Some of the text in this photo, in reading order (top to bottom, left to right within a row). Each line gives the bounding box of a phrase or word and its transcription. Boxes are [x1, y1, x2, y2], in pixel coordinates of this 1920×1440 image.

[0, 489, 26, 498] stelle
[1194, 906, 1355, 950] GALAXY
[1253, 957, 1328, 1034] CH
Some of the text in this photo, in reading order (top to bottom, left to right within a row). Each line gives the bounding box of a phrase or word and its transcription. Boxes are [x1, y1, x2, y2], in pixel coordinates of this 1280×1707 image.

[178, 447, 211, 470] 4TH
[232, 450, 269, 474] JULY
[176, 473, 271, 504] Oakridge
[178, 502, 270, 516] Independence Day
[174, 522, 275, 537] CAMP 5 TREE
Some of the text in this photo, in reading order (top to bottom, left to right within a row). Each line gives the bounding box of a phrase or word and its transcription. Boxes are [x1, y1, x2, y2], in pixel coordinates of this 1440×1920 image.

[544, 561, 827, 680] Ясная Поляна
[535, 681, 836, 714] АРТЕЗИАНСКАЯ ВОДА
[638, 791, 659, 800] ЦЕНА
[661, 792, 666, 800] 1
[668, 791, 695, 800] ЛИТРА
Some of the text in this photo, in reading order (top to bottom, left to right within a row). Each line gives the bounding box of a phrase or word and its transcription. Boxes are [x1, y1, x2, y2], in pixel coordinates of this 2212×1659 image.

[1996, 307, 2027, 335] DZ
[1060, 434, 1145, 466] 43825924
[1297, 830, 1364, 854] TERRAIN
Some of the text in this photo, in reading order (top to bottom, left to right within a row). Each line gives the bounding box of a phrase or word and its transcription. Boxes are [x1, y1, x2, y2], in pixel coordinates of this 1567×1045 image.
◆ ◆ ◆ ◆
◆ What you are asked to do:
Please transcribe word for word the lines from the line with "this 1280×1707 image." to the end of the material, both ends included.

◆ Solution:
Some of the text in this photo, in reading order (top to bottom, left to right within a row). Each line gives the bounding box of a phrase or word and its transcription. Boxes are [x1, y1, x2, y2], in pixel coordinates of this 1280×1707 image.

[178, 447, 211, 470] 4TH
[232, 450, 269, 474] JULY
[176, 473, 271, 504] Oakridge
[178, 502, 270, 516] Independence Day
[174, 522, 275, 537] CAMP 5 TREE
Some of the text in this photo, in reading order (top to bottom, left to right within a row). Each line gives the bounding box of a phrase or word and its transcription. Boxes are [x1, y1, x2, y2], in pixel coordinates of this 1440×1920 image.

[544, 561, 827, 680] Ясная Поляна
[535, 681, 836, 714] АРТЕЗИАНСКАЯ ВОДА
[638, 791, 659, 800] ЦЕНА
[661, 792, 666, 800] 1
[668, 791, 695, 800] ЛИТРА
Some of the text in this photo, in reading order (top to bottom, left to right within a row). Each line gives the bounding box of a phrase or word and its transcription. Boxes are [x1, y1, x2, y2], in pixel coordinates of this 2212×1659 image.

[1996, 307, 2027, 335] DZ
[1060, 434, 1145, 466] 43825924
[1297, 830, 1364, 854] TERRAIN
Some of the text in this photo, in reading order (top to bottom, left to right within a row). Each line gives the bounding box of a phrase or word and its transcription. Boxes are [x1, y1, x2, y2], in pixel coordinates of this 1567×1045 image.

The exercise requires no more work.